§ **Task to carry out**: Once the pictures are set aside, copy everything else in the records exactly.

§ **Source information**:
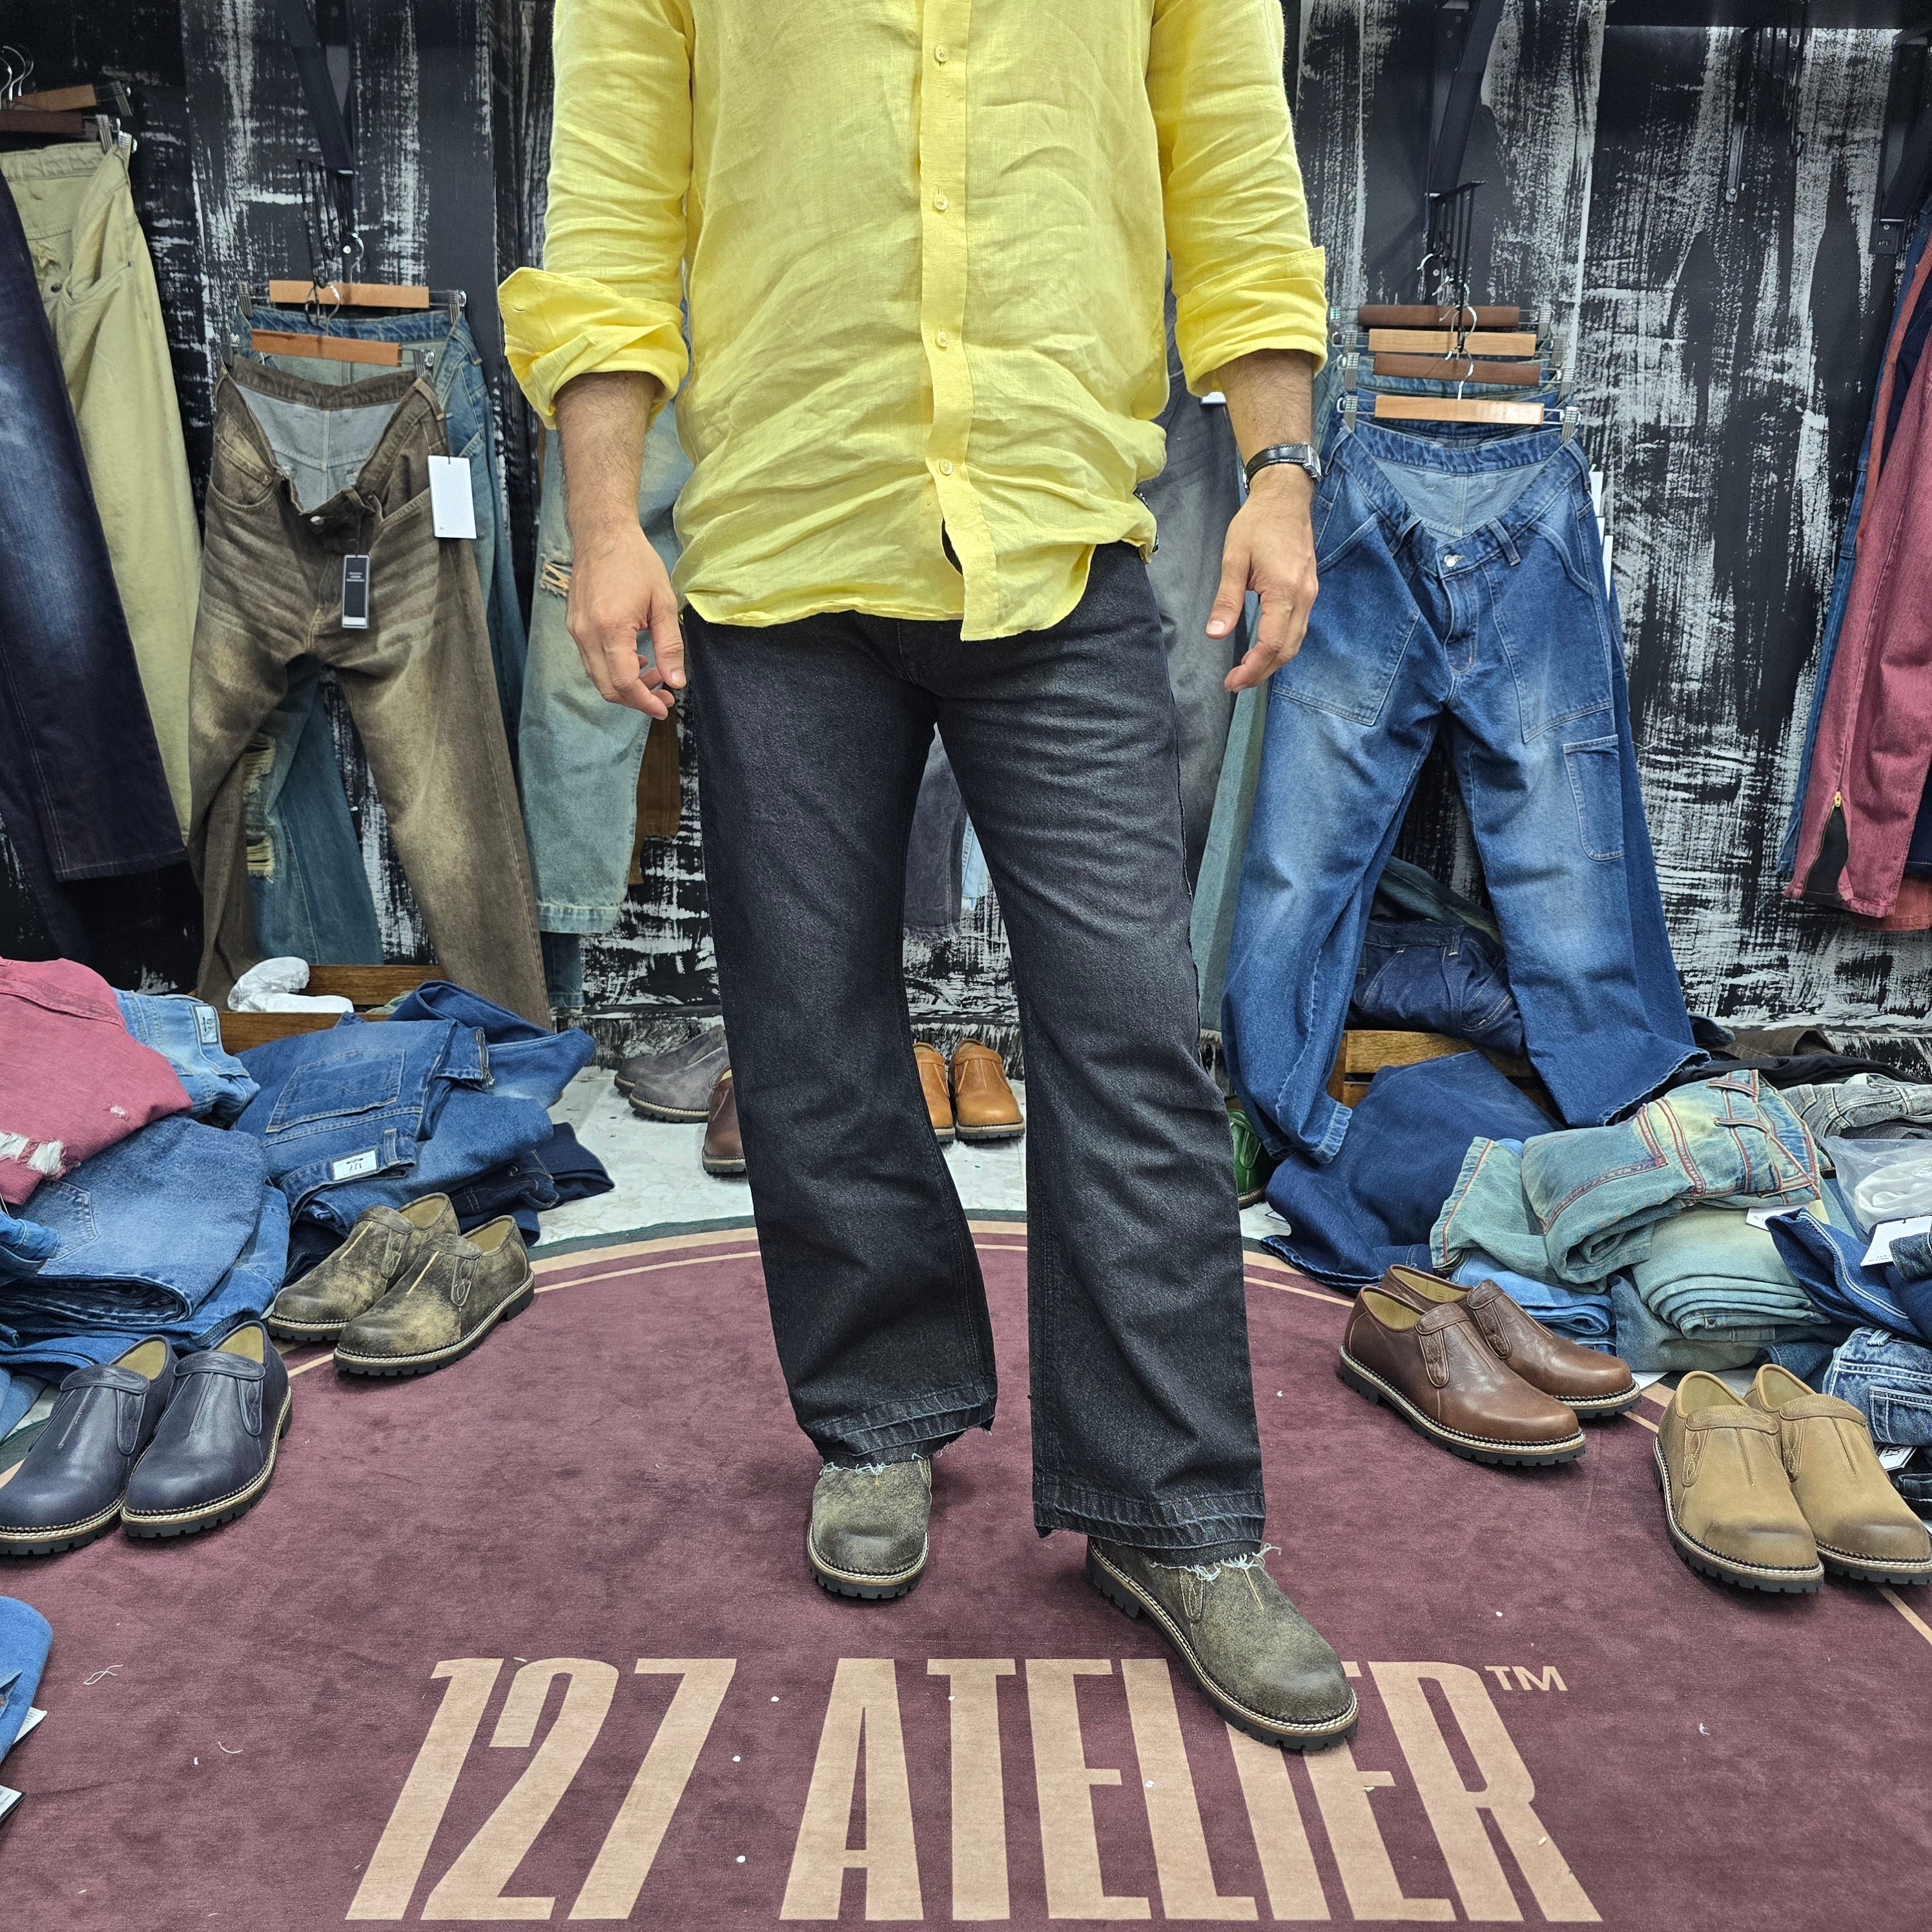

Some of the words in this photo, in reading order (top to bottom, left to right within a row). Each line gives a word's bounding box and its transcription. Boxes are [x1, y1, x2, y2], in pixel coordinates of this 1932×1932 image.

[349, 1163, 362, 1172] 127
[345, 1658, 737, 1921] 127
[779, 1658, 1603, 1922] ATELIER
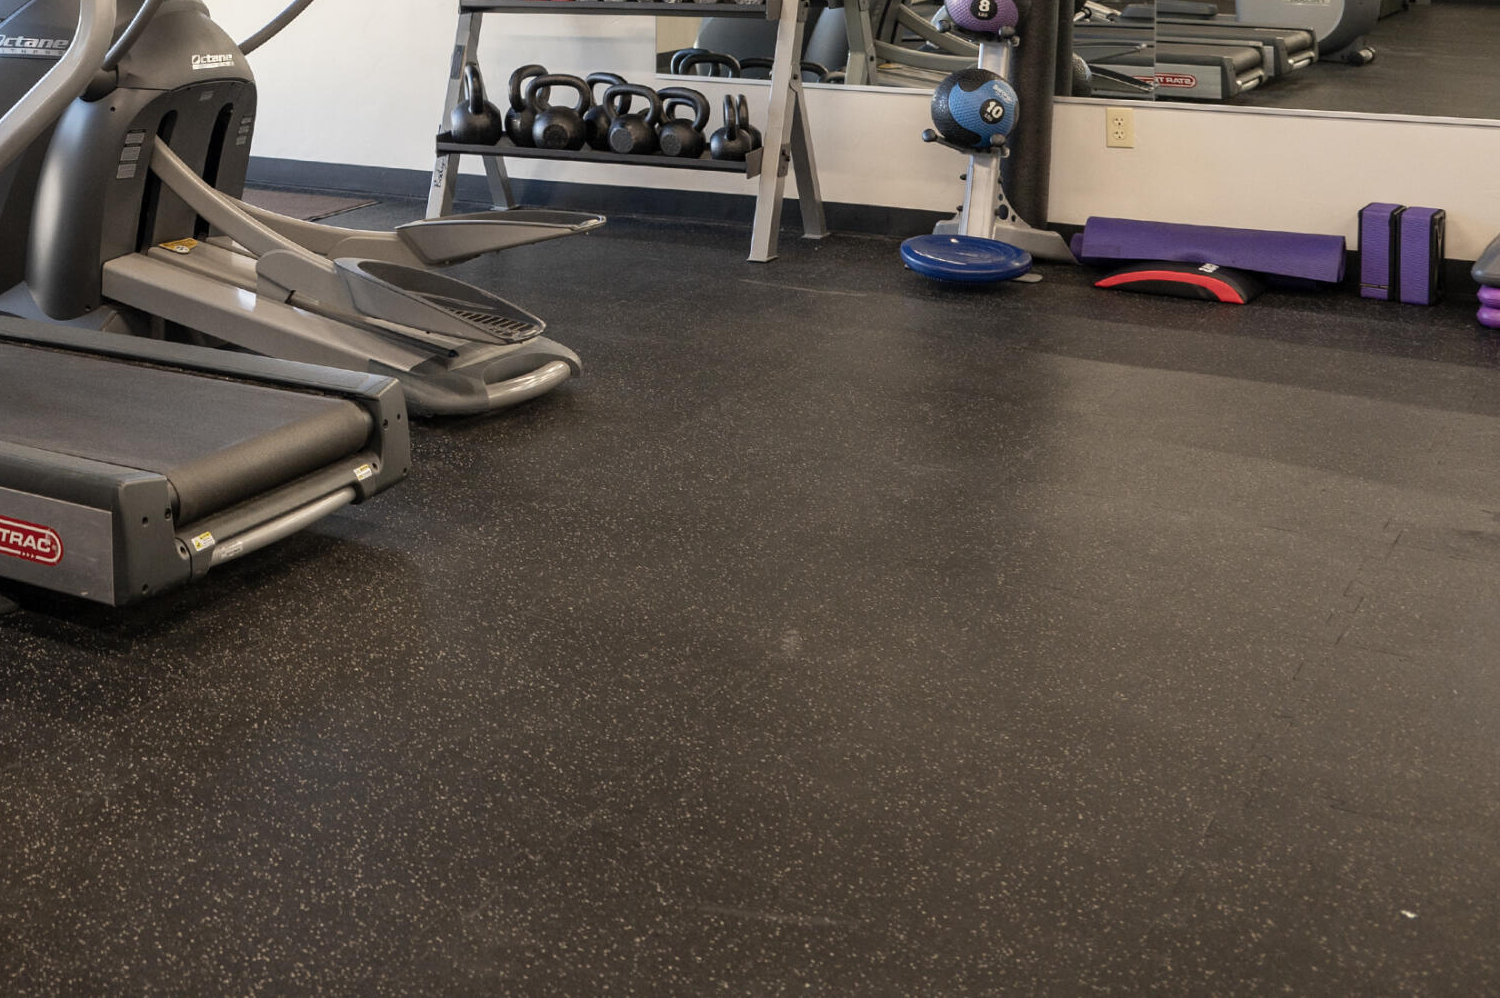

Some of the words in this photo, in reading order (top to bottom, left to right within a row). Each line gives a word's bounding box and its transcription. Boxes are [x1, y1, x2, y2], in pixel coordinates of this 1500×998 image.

[978, 0, 990, 12] 8
[191, 54, 233, 64] Octane
[986, 101, 1003, 119] 10
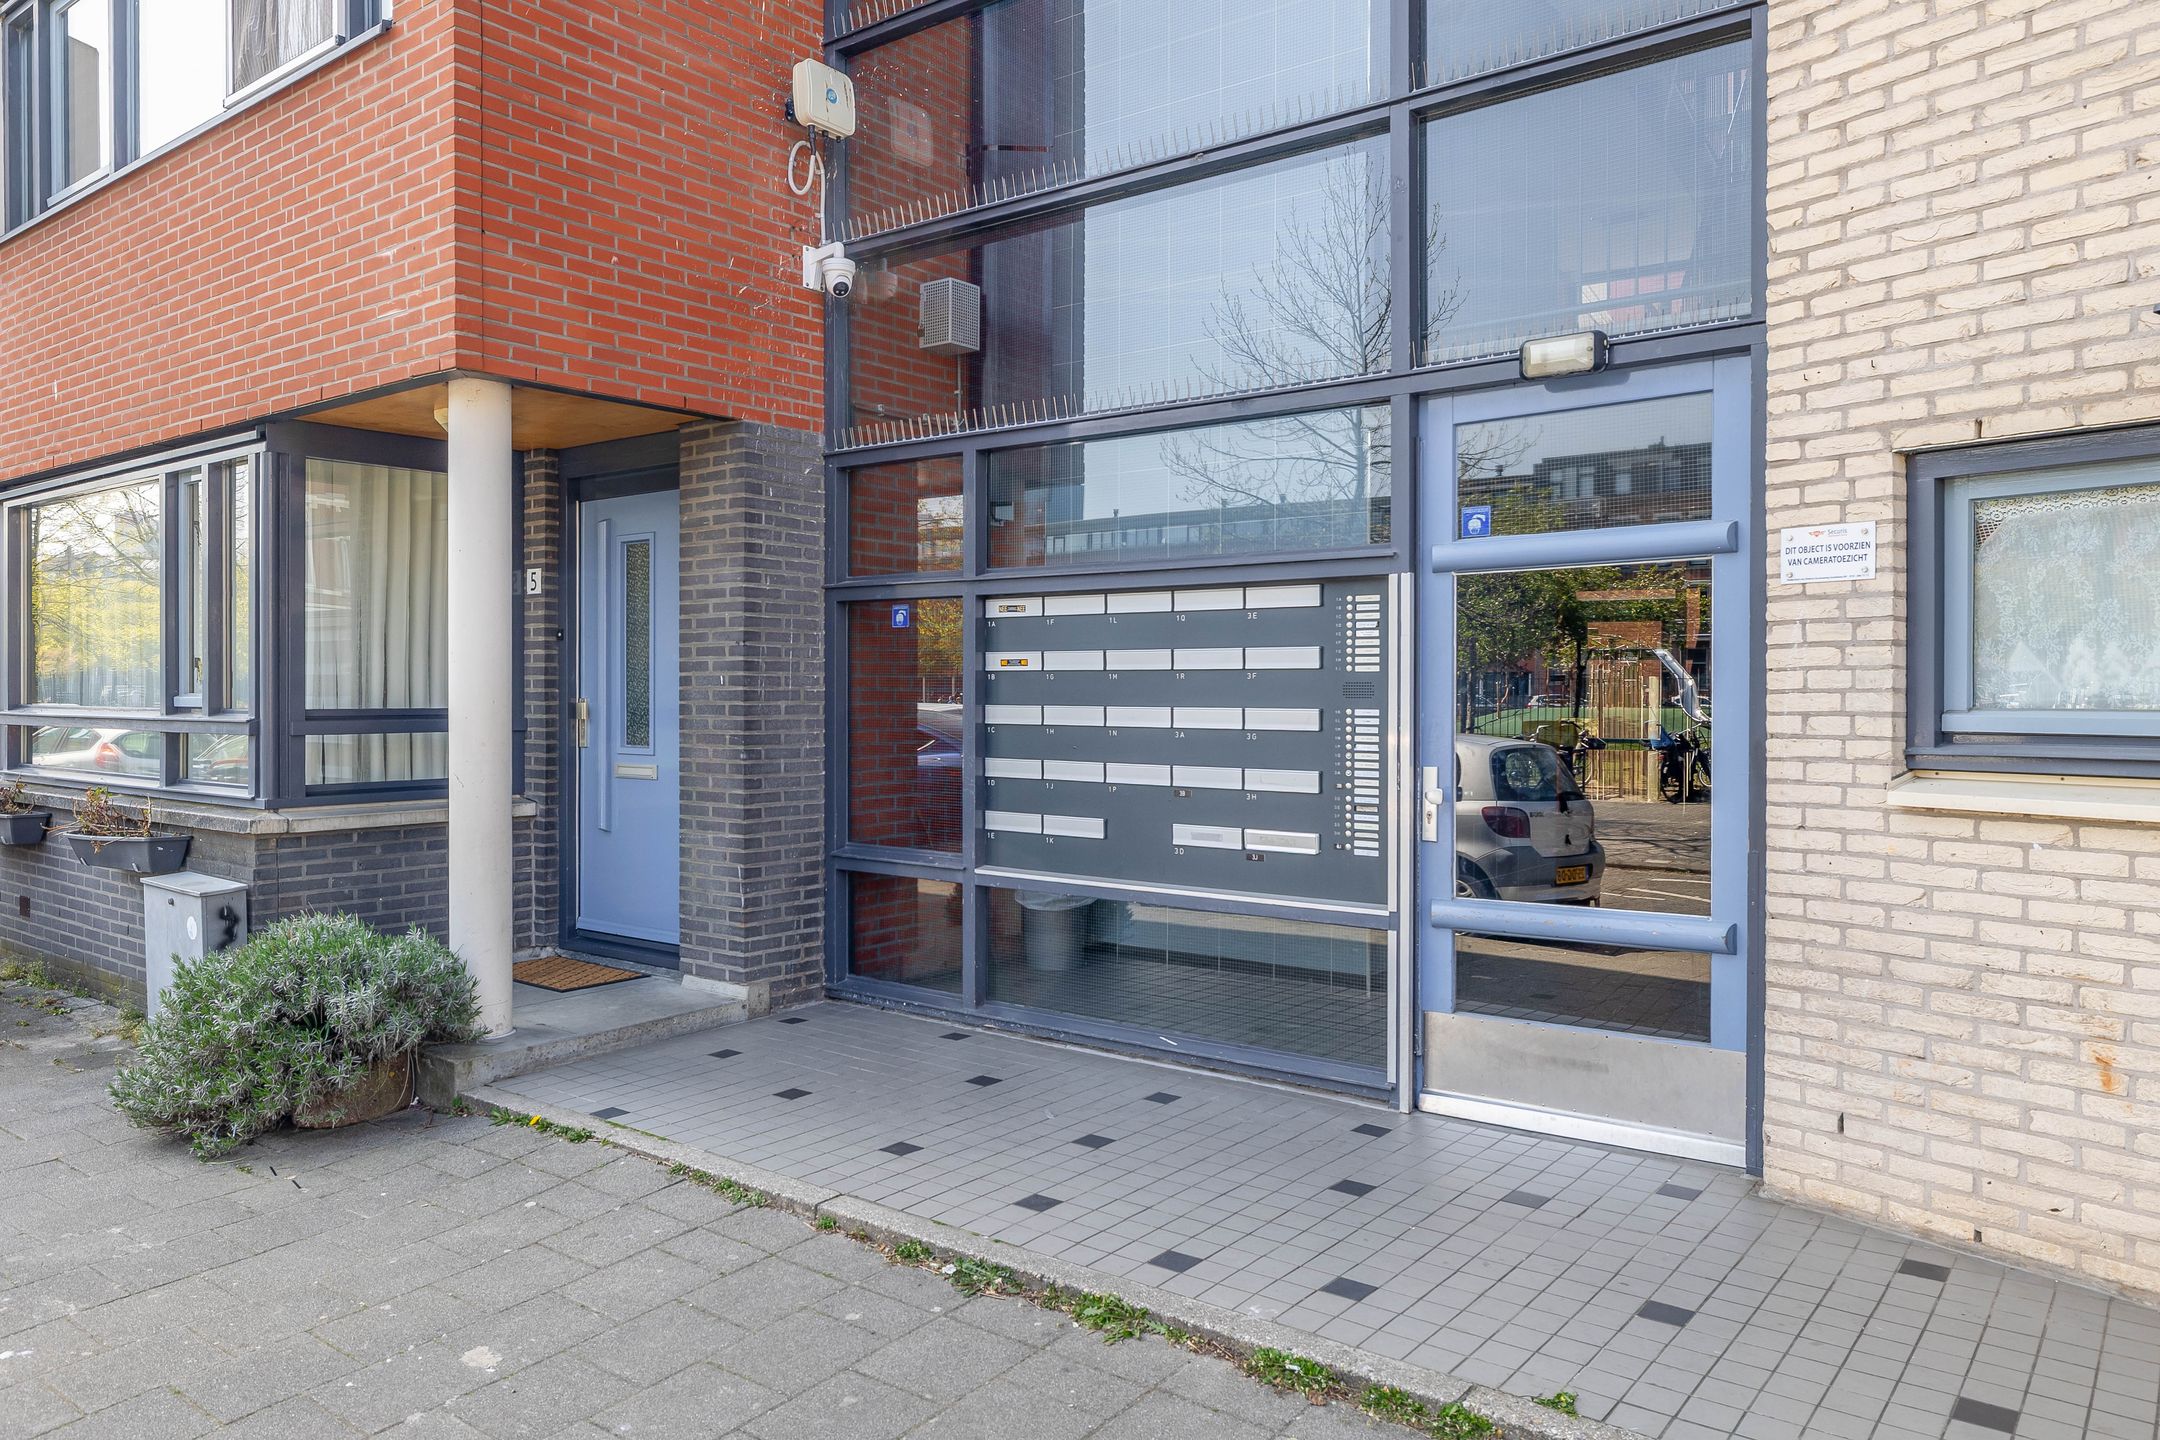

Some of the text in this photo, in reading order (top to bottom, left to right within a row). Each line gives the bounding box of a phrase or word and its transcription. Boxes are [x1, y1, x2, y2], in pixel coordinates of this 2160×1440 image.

[1785, 541, 1871, 555] DIT OBJECT IS VOORZIEN
[1787, 553, 1868, 566] VAN CAMERATOEZICHT
[530, 571, 537, 591] 5

§ **Reply**:
Some of the words in this photo, in reading order (top to bottom, left to right within a row). Each line gives a word's bounding box and its transcription. Boxes are [x1, y1, x2, y2], in pixel coordinates of this 1932×1932 image.

[349, 1163, 362, 1172] 127
[345, 1658, 737, 1921] 127
[779, 1658, 1603, 1922] ATELIER

Some of the words in this photo, in reading order (top to bottom, left to right within a row). Each line gives a word's bounding box and its transcription. Boxes are [x1, y1, x2, y2], in pixel coordinates of this 1500×998 image.

[978, 0, 990, 12] 8
[191, 54, 233, 64] Octane
[986, 101, 1003, 119] 10

Some of the text in this photo, in reading order (top to bottom, left to right within a row). Each line gives the bounding box of a phrase or word and its transcription. Boxes are [x1, y1, x2, y2], in pixel coordinates of this 2160×1440 image.

[1785, 541, 1871, 555] DIT OBJECT IS VOORZIEN
[1787, 553, 1868, 566] VAN CAMERATOEZICHT
[530, 571, 537, 591] 5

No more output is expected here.